L’économiste Enomy Germain qualifie de « cocktail explosif » la situation qui sévit dans le pays. Dans une interview accordée au journal Haïti Aujourd’hui, ce samedi 22 février 2020, il peint un tableau négatif des activités économiques du pays.

Haïti Aujourd’hui : L’automne de l’année dernière, le pays a connu 3 mois d’intenses mouvement politiques, liés au phénomène de « peyi lòk ». Aujourd’hui, la tendance est au kidnapping. Quel est l’impact d’après vous de ces phénomènes récurrents sur l’économie haïtienne ?

Economiste Enomy Germain : D’abord concernant l’année 2019 en général, l’ensemble des évènements qui se sont produits au cours de cette année, notamment le phénomène de « peyi lòk » (pays verrouillé) a des impacts négatifs sur l’économie du pays.

Prenons par exemple, la croissance de l’économie, comme étant le premier indicateur par excellence pour analyser la conjoncture. Eh bien, pour la période, l’économie a réalisé une croissance négative de – 2%. Cette situation est la conséquence des crises politiques qui se sont succédé au cours de l’année 2019. Car, pratiquement tout l’exercice fiscal était marqué par ce phénomène.

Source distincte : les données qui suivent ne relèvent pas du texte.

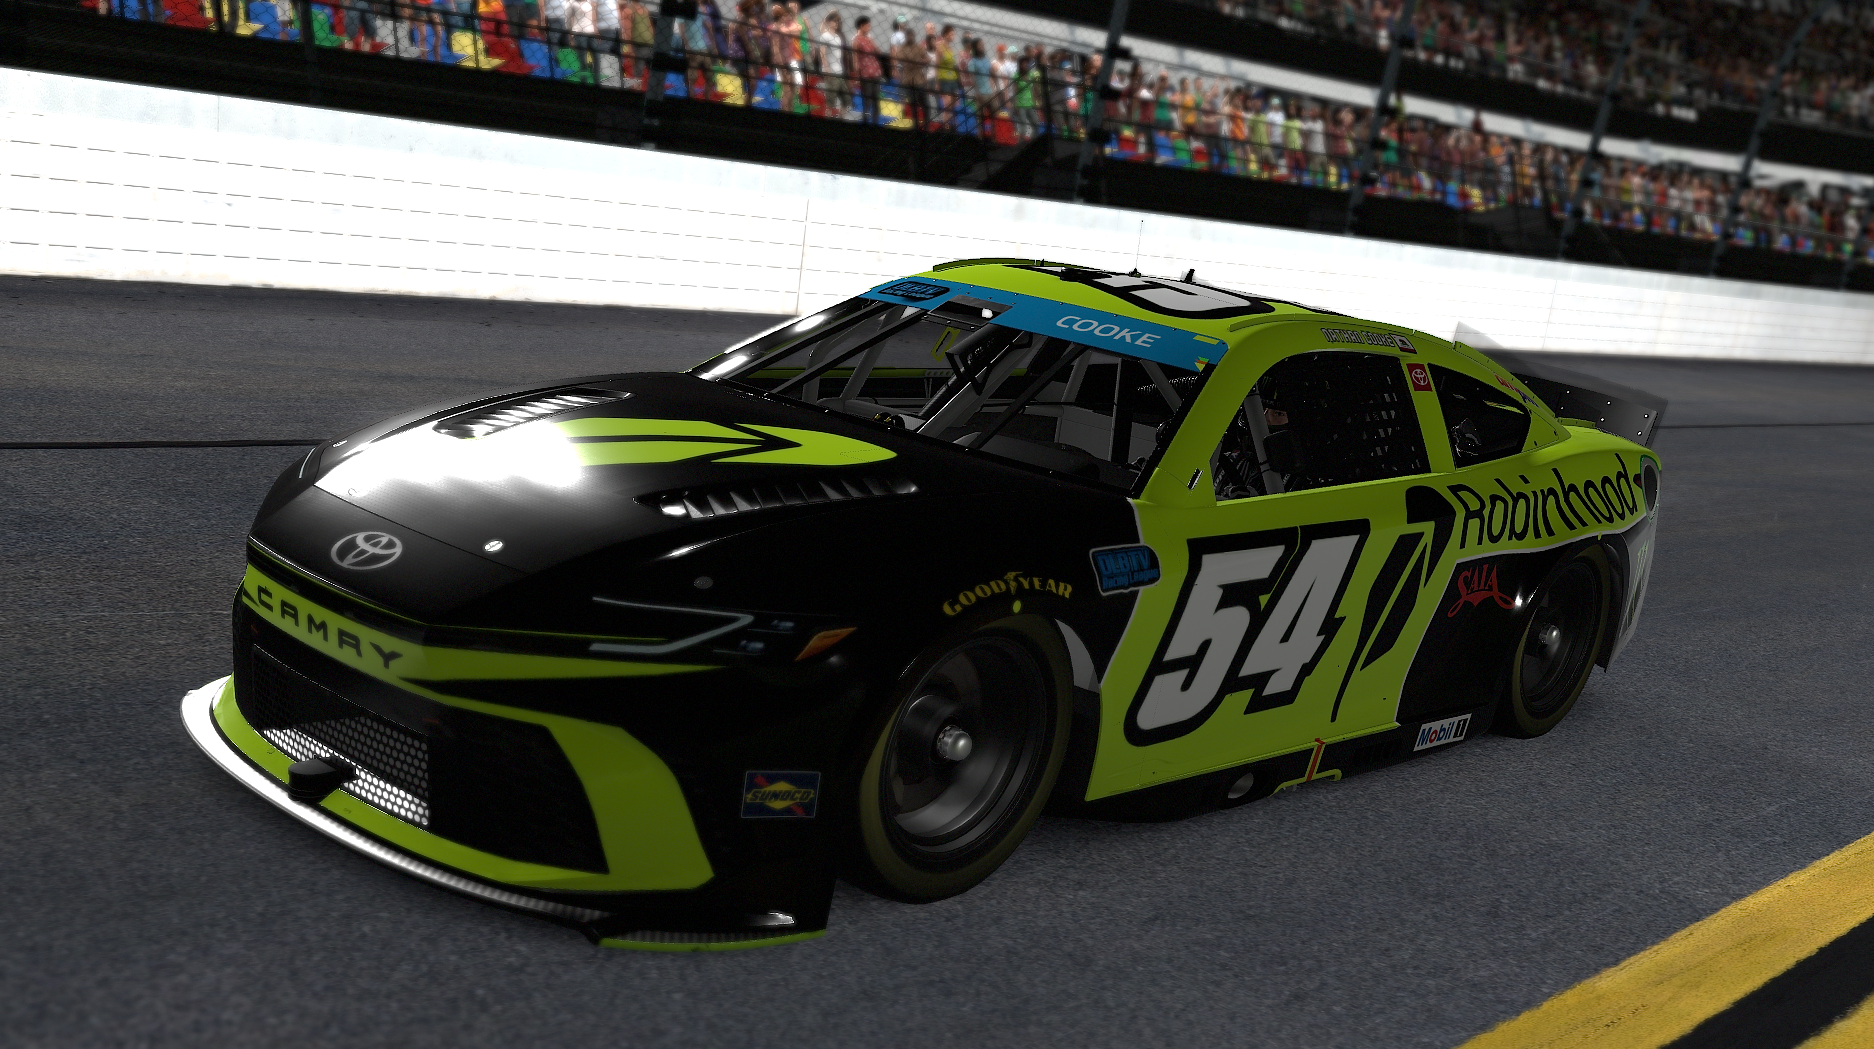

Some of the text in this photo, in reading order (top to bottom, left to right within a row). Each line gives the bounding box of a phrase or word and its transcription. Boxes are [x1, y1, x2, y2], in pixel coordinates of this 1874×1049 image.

[1056, 314, 1162, 349] COOKE
[1320, 327, 1397, 348] NATHAN COOKE
[1446, 453, 1638, 549] Robinhood
[1452, 563, 1509, 610] SAIA
[257, 586, 403, 670] CAMRY
[1130, 526, 1366, 739] 54
[1417, 718, 1468, 747] Mobil 1
[749, 789, 813, 802] SUNOCO

Le deuxième indicateur est celle de l’inflation. En effet, on a battu tous les records de mauvaises performances en matière d’inflation pour l’année 2019. L’exercice a terminé avec un taux d’inflation de : 20.1%. La cause de cette inflation, est la rareté artificielle des marchandises dans certaines régions du pays.

Puis, il y a le taux de change. En 2019, la monnaie locale a perdu plus de 15% de sa valeur. Ce phénomène est dû particulièrement aux spéculations qui se font sur le dollar.

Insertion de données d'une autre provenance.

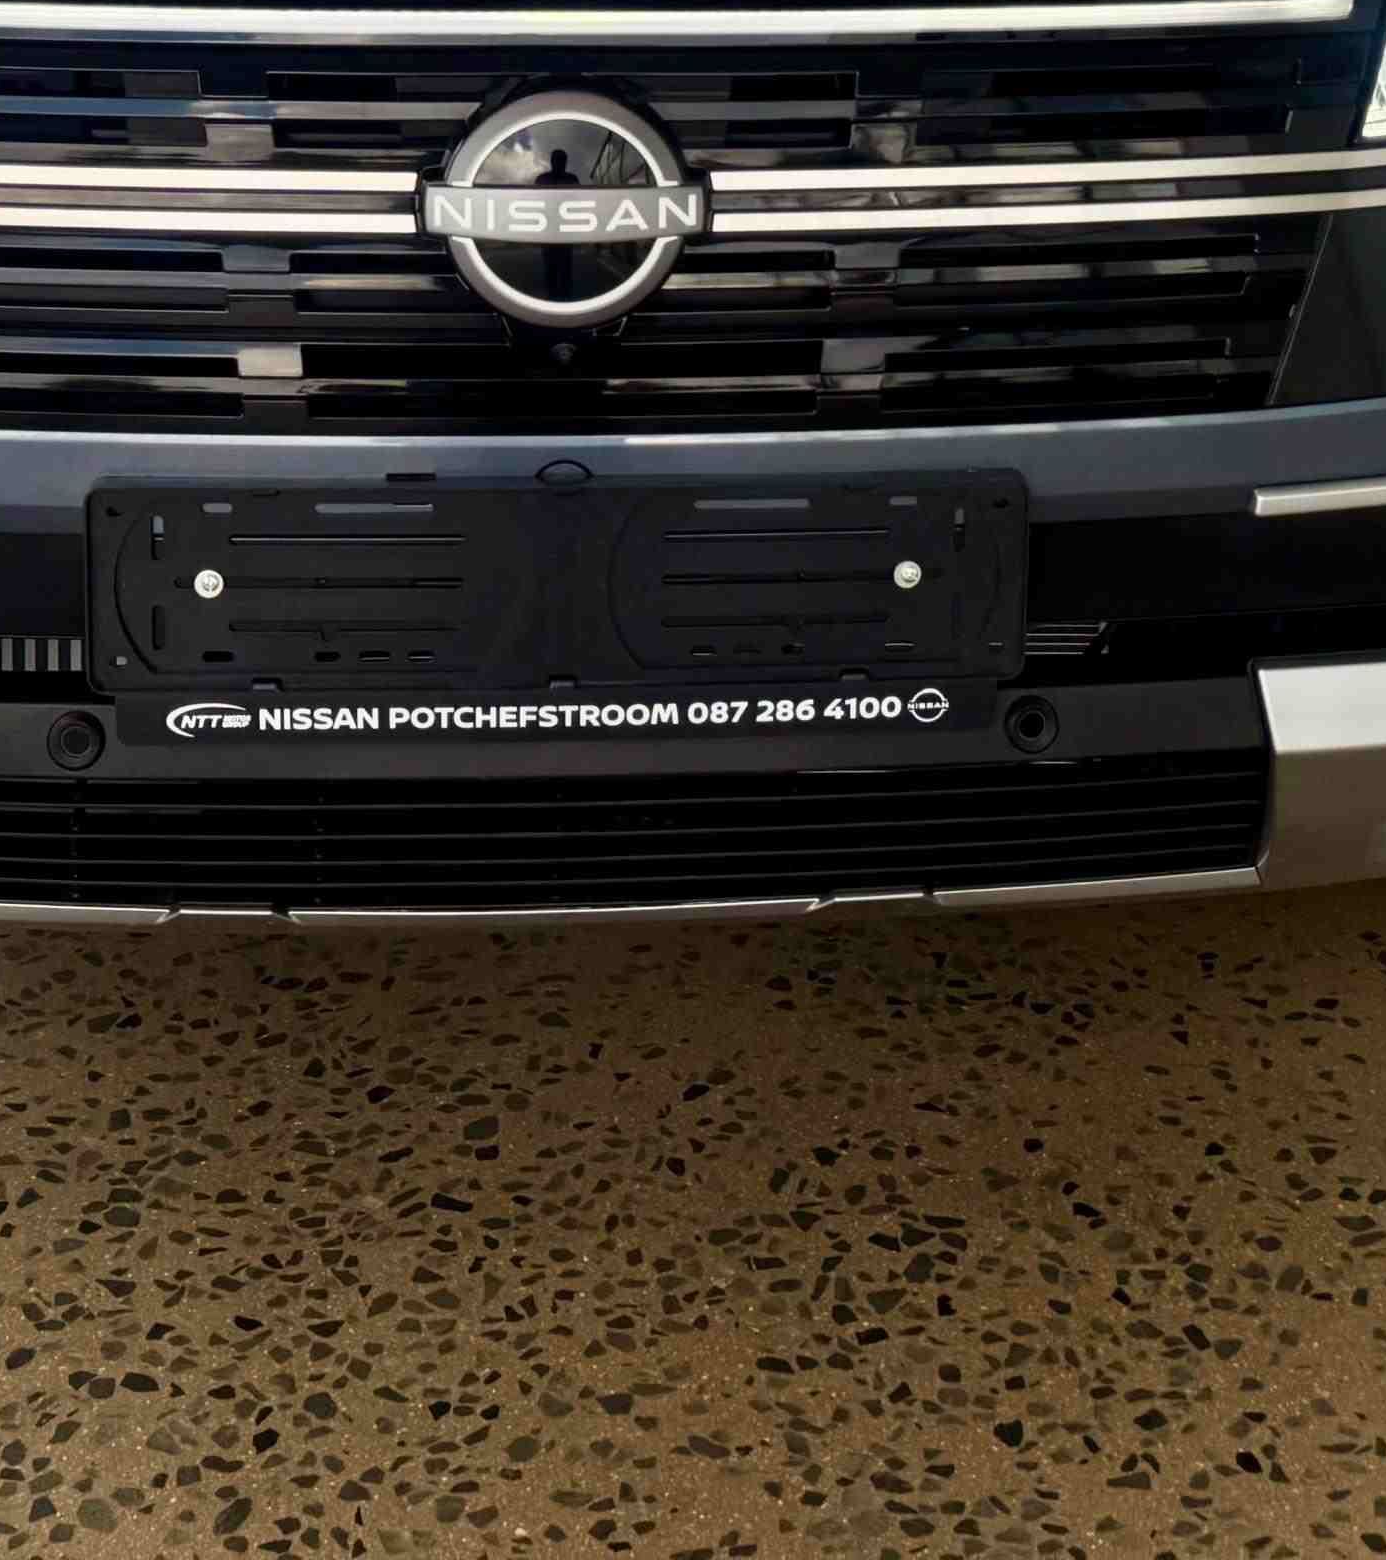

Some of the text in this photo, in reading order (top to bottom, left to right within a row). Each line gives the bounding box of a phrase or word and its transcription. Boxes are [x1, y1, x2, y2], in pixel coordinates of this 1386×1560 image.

[433, 193, 697, 232] NISSAN
[180, 714, 222, 729] NTT
[258, 707, 380, 730] NISSAN
[389, 703, 679, 729] POTCHEFSTROOM
[687, 701, 748, 724] 087
[756, 699, 816, 723] 286
[823, 696, 902, 719] 4100
[907, 700, 950, 711] NISSAN

Toujours en 2019, plus de 3,7 millions d’haïtiens se sont retrouvés en situation d’insécurité alimentaire.

Pour ce qui est des cas répétés de kidnapping, les secteurs des services, c’est-à-dire hôtellerie, restauration notamment, voient leurs chiffres d’affaires diminuer considérablement. Les gens ne sortent pas la nuit pour consommer. Il faut dire que le tourisme représente par exemple 400 millions de dollars américains par an, en termes de recettes touristiques pour le pays. Depuis, l’année 2000, c’est le secteur qui porte l’économie. Il participe à plus de 50% du PIB haïtien.

H. A : Le Chef de l’État haïtien, Jovenel Moïse, avant même le dysfonctionnement du Parlement, n’a pas eu la chance de doter le pays d’un gouvernement, ni d’un budget national. En effet, ce mois de mars 2020, marquera un an depuis le renvoi d’Henry Céant à la Primature, et deux années consécutives depuis que la présidence reconduit le même budget. Quelle est votre analyse sur cette question ?

E. G: Le budget, c’est l’outil de planification économique par excellence. Tout objectif économique d’un pays pour une année est inscrit dans le budget de l’État. S’il n’y a pas de budget. Il n’y a pas d’objectif. Ce qui sous-entend que le pays n’ira nulle part.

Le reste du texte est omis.